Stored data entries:
*** Block opens ***

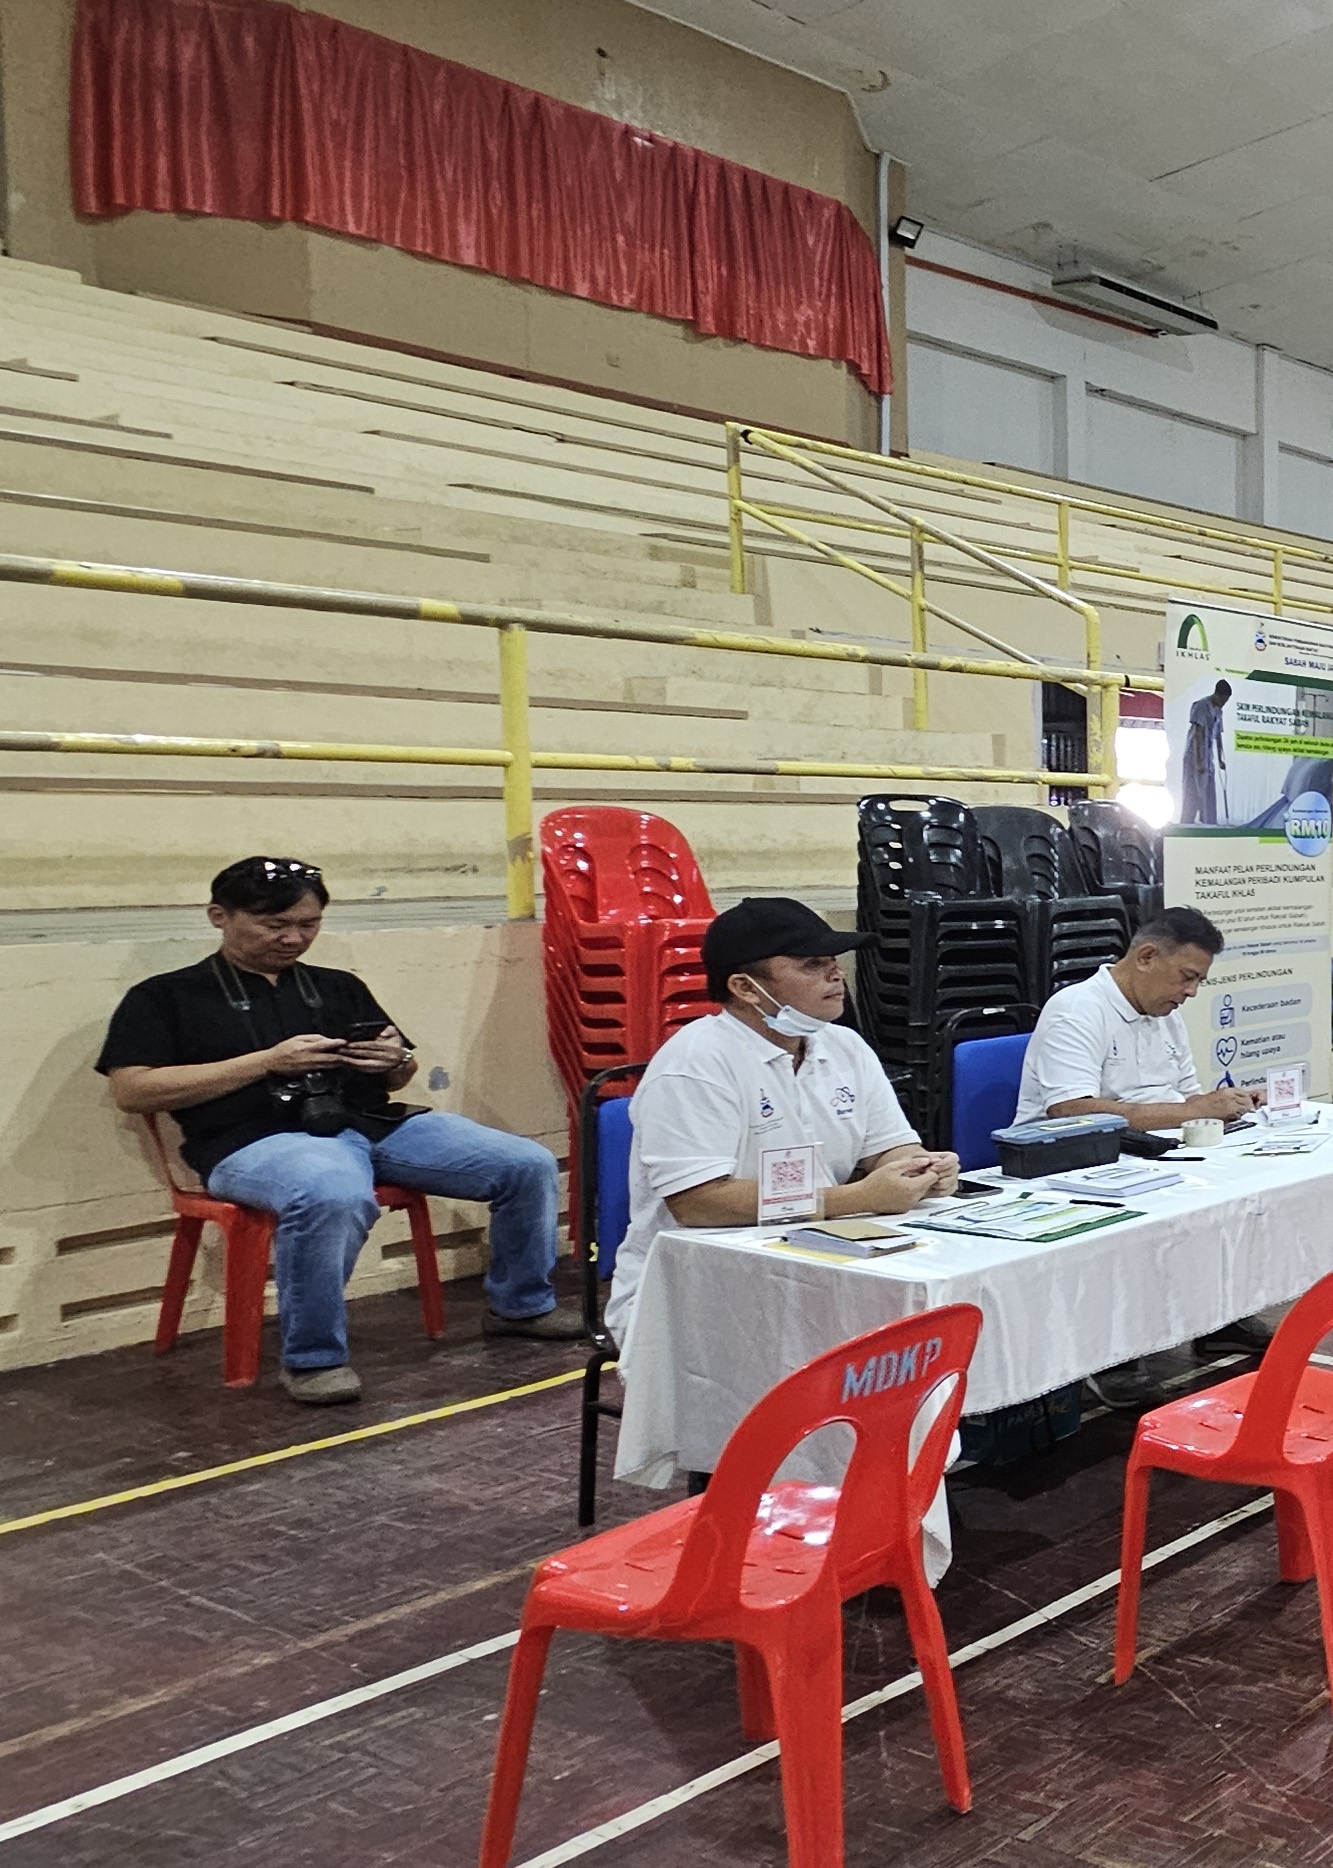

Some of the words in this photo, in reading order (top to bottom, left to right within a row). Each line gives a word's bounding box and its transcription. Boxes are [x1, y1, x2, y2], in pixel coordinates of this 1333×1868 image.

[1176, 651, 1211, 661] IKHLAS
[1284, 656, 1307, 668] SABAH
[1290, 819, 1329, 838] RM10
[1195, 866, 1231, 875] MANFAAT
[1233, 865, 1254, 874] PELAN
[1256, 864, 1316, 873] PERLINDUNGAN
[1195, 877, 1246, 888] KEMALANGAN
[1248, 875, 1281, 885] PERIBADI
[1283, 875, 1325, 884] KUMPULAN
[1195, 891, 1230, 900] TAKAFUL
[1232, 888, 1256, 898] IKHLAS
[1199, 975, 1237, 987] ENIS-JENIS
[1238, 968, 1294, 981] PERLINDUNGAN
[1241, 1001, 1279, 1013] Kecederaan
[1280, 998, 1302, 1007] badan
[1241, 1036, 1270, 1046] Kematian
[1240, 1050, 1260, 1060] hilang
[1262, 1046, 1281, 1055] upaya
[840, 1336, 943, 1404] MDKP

*** Block closes ***

» **YOUR TASK**: Only the pictures are to be excluded; all other parts of the records above are to be given exactly.

» **EXERCISE RESULT**:
Some of the words in this photo, in reading order (top to bottom, left to right within a row). Each line gives a word's bounding box and its transcription. Boxes are [x1, y1, x2, y2], in pixel coordinates of this 1333×1868 image.

[1176, 651, 1211, 661] IKHLAS
[1284, 656, 1307, 668] SABAH
[1290, 819, 1329, 838] RM10
[1195, 866, 1231, 875] MANFAAT
[1233, 865, 1254, 874] PELAN
[1256, 864, 1316, 873] PERLINDUNGAN
[1195, 877, 1246, 888] KEMALANGAN
[1248, 875, 1281, 885] PERIBADI
[1283, 875, 1325, 884] KUMPULAN
[1195, 891, 1230, 900] TAKAFUL
[1232, 888, 1256, 898] IKHLAS
[1199, 975, 1237, 987] ENIS-JENIS
[1238, 968, 1294, 981] PERLINDUNGAN
[1241, 1001, 1279, 1013] Kecederaan
[1280, 998, 1302, 1007] badan
[1241, 1036, 1270, 1046] Kematian
[1240, 1050, 1260, 1060] hilang
[1262, 1046, 1281, 1055] upaya
[840, 1336, 943, 1404] MDKP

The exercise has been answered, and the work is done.